You want teams to work independently. This doesn't mean that they work in isolation, but rather they they are free to act according to their abilities and understanding of the situation. An architect can help them understand the wider ecosystem and predict tomorrow's weather, so to speak, but the team should remain autonomous.
Concurrent work #
I'm assuming that an organisation has multiple teams because they're supposed to work concurrently. While team A is off doing one thing, team B is doing something else. You can attempt to herd them in the same general direction, but beware of tight coordination.
What's the problem with coordination? Isn't it a kind of collaboration? Don't we consider that beneficial?
I'm not arguing that teams should be antagonistic. Like all metaphors, we should be careful not to take the savannah metaphor too far. I'm not imagining that one team consists of lions, apex predators, killing and devouring other teams.
Rather, the reason I'm wary of coordination is because it seems synonymous with synchronisation.
In Code That Fits in Your Head I've already discussed how good practices for Continuous Integration are similar to earlier lessons about optimistic concurrency. It recently struck me that we can draw a similar parallel between concurrent team work and parallel computing.
For decades we've known that the less synchronization, the faster parallel code is. Synchronization is costly.
In team work, coordination is like thread synchronization. Instead of doing work, you stop in order to coordinate. This implies that one thread or team has to wait for the other to catch up.
Unless work is perfectly evenly divided, team A may finish before team B. In order to coordinate, team A must sit idle for a while, waiting for B to catch up. (In development organizations, idleness is rarely allowed, so in practice, team A embarks on some other work, with consequences that I've already outlined.)
If you have more than two teams, this phenomenon only becomes worse. You'll have more idle time. This reminds me of Amdahl's law, which briefly put expresses that there's a limit to how much of a speed improvement you can get from concurrent work. The limit is related to the percentage of the work that can not be parallelized. The greater the need to synchronize work, the lower the ceiling. Conversely, the more you can let concurrent processes run without coordination, the more you gain from parallelization.

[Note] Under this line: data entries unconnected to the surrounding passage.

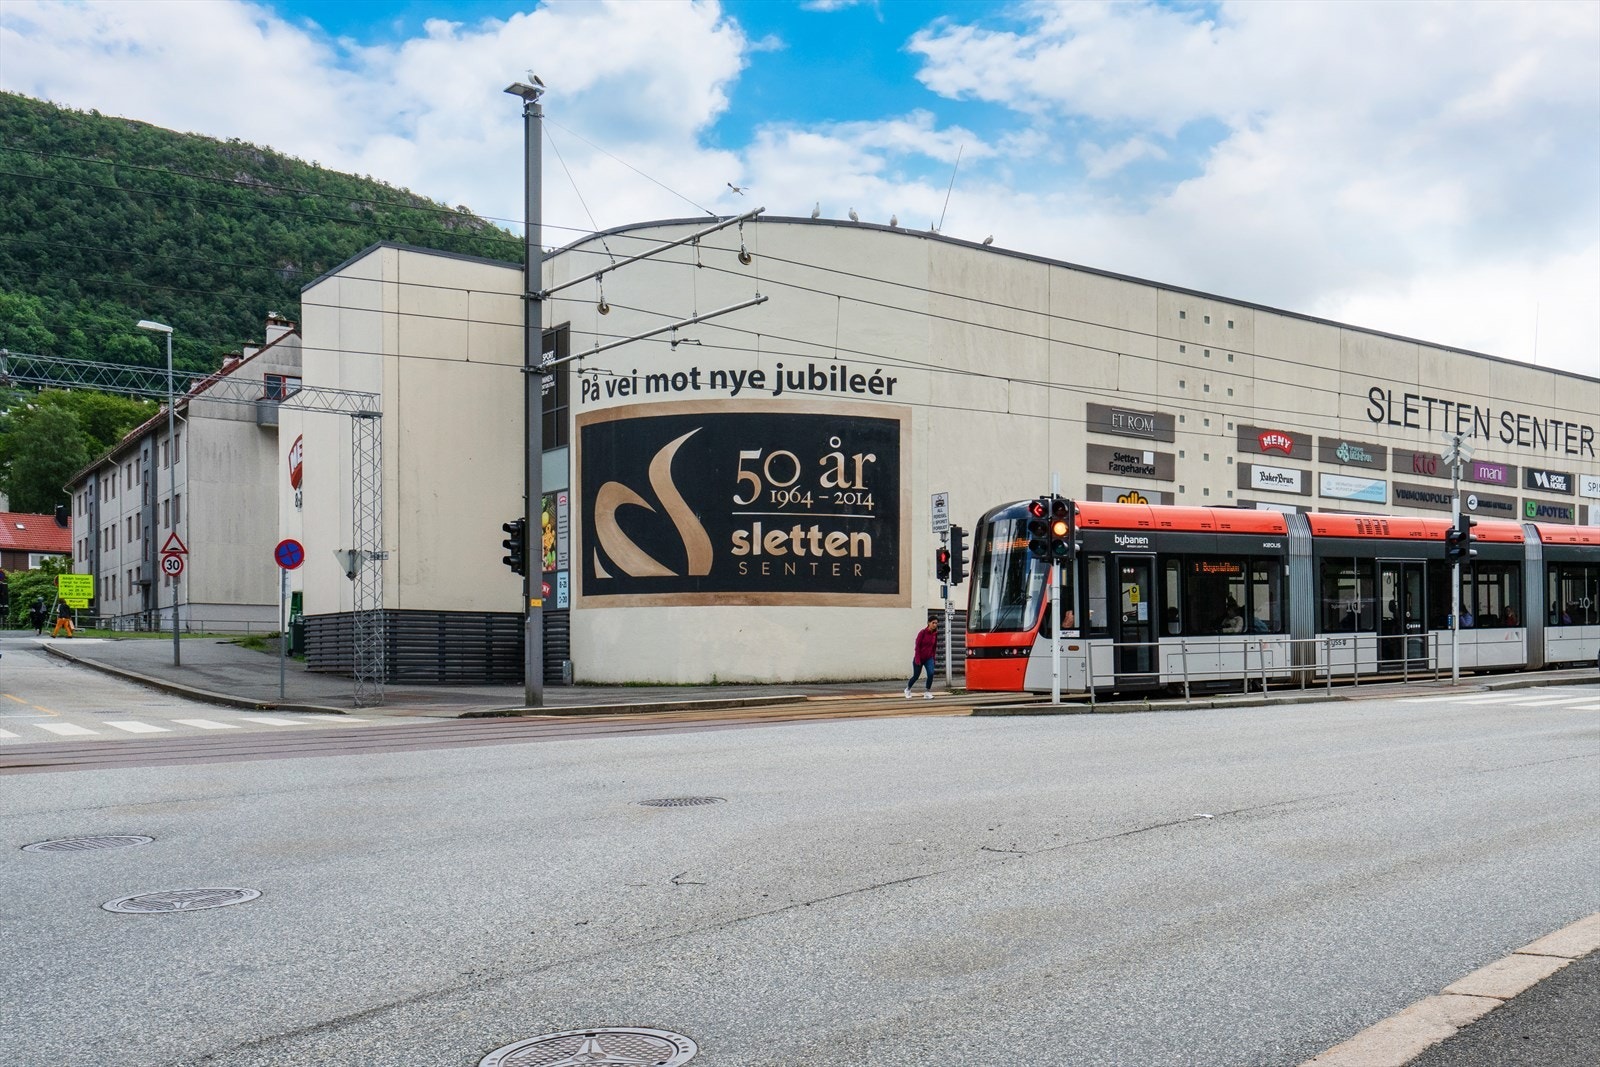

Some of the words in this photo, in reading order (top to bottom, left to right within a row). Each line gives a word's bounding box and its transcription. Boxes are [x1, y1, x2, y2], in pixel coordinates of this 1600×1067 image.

[581, 374, 599, 403] På
[605, 369, 638, 397] vei
[645, 367, 701, 394] mot
[709, 369, 766, 397] nye
[772, 363, 897, 396] jubileér
[1112, 413, 1124, 428] ET
[1128, 418, 1153, 431] ROM
[1367, 386, 1490, 441] SLETTEN
[1499, 410, 1595, 458] SENTER
[1262, 435, 1291, 449] MENY
[1113, 452, 1139, 464] Sletten
[1412, 452, 1437, 475] Kid
[733, 447, 801, 505] 50
[819, 436, 877, 490] år
[1109, 461, 1155, 475] Fargehandel
[1479, 466, 1503, 481] mani
[1549, 474, 1565, 483] SPORT
[1549, 481, 1567, 491] NORGE
[770, 485, 813, 510] 1964
[833, 492, 875, 511] 2014
[1395, 488, 1453, 505] VINMONOPOLET
[1536, 504, 1569, 519] APOTEK
[731, 522, 872, 558] sletten
[1114, 534, 1149, 545] bybanen
[166, 560, 180, 571] 30
[738, 562, 863, 577] SENTER

It seems to me that there's a direct counterpart in team organization. The more teams need to coordinate, the less is gained from having multiple teams.
But really, Fred Brooks could you have told you so in 1975.
Versioning #
A small development team may organize work informally. Work may be divided along 'natural' lines, each developer taking on tasks best suited to his or her abilities. If working in a code base with shared ownership, one developer doesn't have to wait on the work done by another developer. Instead, a programmer may complete the required work individually, or working together with a colleague. Coordination happens, but is both informal and frequent.

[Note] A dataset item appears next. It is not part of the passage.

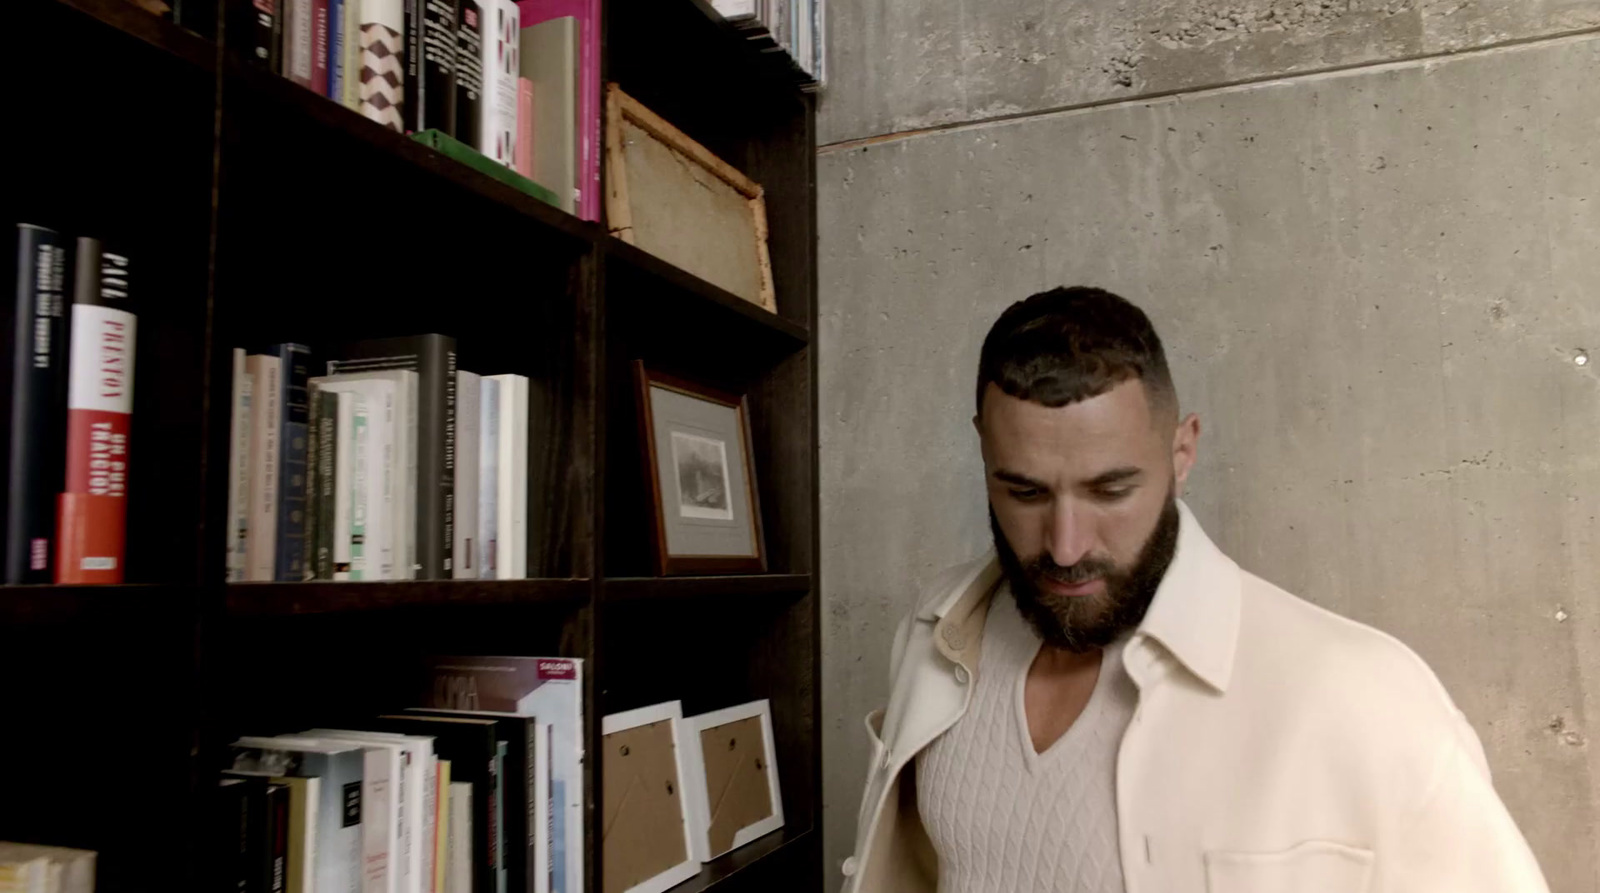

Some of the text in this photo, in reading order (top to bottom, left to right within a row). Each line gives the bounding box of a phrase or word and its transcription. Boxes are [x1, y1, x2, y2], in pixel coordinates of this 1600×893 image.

[101, 252, 129, 398] PAUL PRESTON
[109, 433, 127, 455] UN

As development organizations grow, teams are formed. Separate teams are supposed to work independently, but may in practice often depend on each other. Team A may need team B to make a change before they can proceed with their own work. The (felt) need to coordinate team activities arise.

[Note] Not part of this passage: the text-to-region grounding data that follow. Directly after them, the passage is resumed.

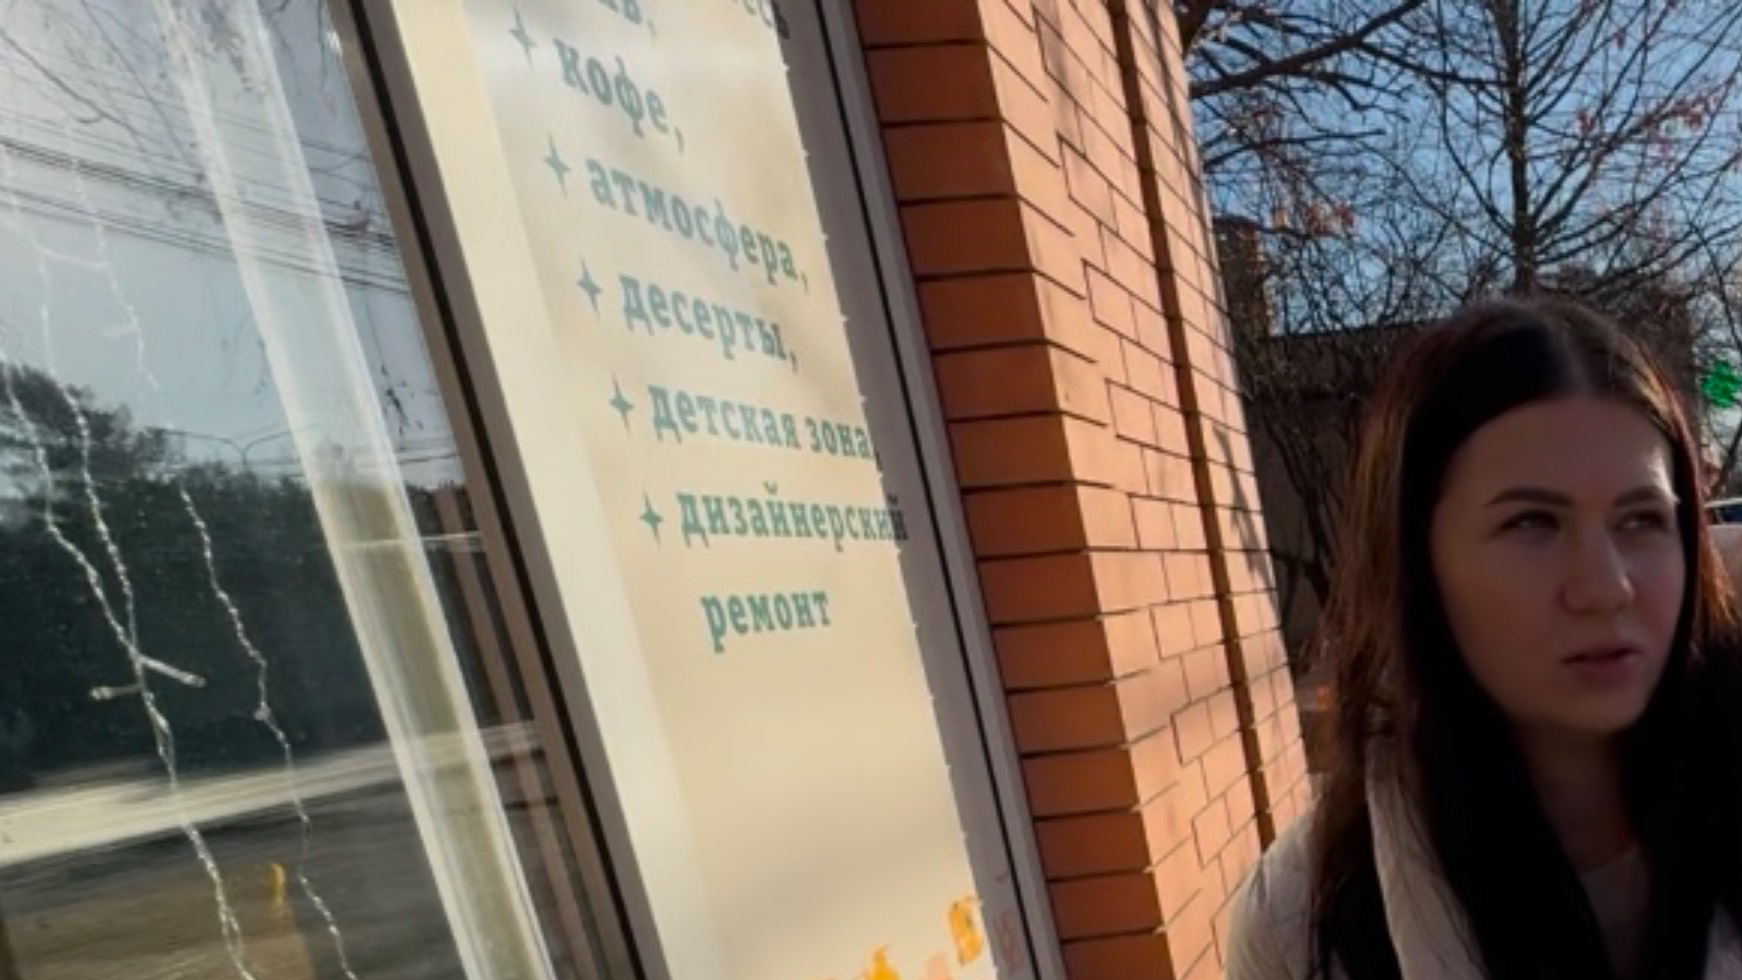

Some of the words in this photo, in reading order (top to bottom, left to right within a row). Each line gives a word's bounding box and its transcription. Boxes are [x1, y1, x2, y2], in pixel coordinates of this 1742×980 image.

[553, 37, 683, 155] кофе,
[586, 157, 808, 293] атмосфера,
[618, 273, 798, 374] десерты,
[647, 384, 802, 445] детская
[676, 479, 909, 552] дизайнерский
[699, 590, 830, 654] ремонт

In my experience, this happens for a number of reasons. One is that teams may be divided along wrong lines; this is a socio-technical problem. Another, more technical, reason is that zookeepers rarely think explicitly about versioning or avoiding breaking changes. Imagine that team A needs team B to develop a new capability. This new capability implies a breaking change, so the teams will now need to coordinate.
Instead, team B should develop the new feature in such a way that it doesn't break existing clients. If all else fails, the new feature must exist side-by-side with the old way of doing things. With Continuous Deployment the new feature becomes available when it's ready. Team A still has to wait for the feature to become available, but no synchronization is required.
Conclusion #
Yet another lesson about thread-safety and concurrent transactions seems to apply to people and processes. Parallel processes should be autonomous, with as little synchronization as possible. The more you coordinate development teams, the more you limit the speed of overall work. This seems to suggest that something akin to Amdahl's law also applies to development organizations.
Instead of coordinating teams, encourage them to exist as autonomous entities, but set things up so that not breaking compatibility is a major goal for each team.
Trimming a Fake Object
A refactoring example.
When I introduce the Fake Object testing pattern to people, a common concern is the maintenance burden of it. The point of the pattern is that you write some 'working' code only for test purposes. At a glance, it seems as though it'd be more work than using a dynamic mock library like Moq or Mockito.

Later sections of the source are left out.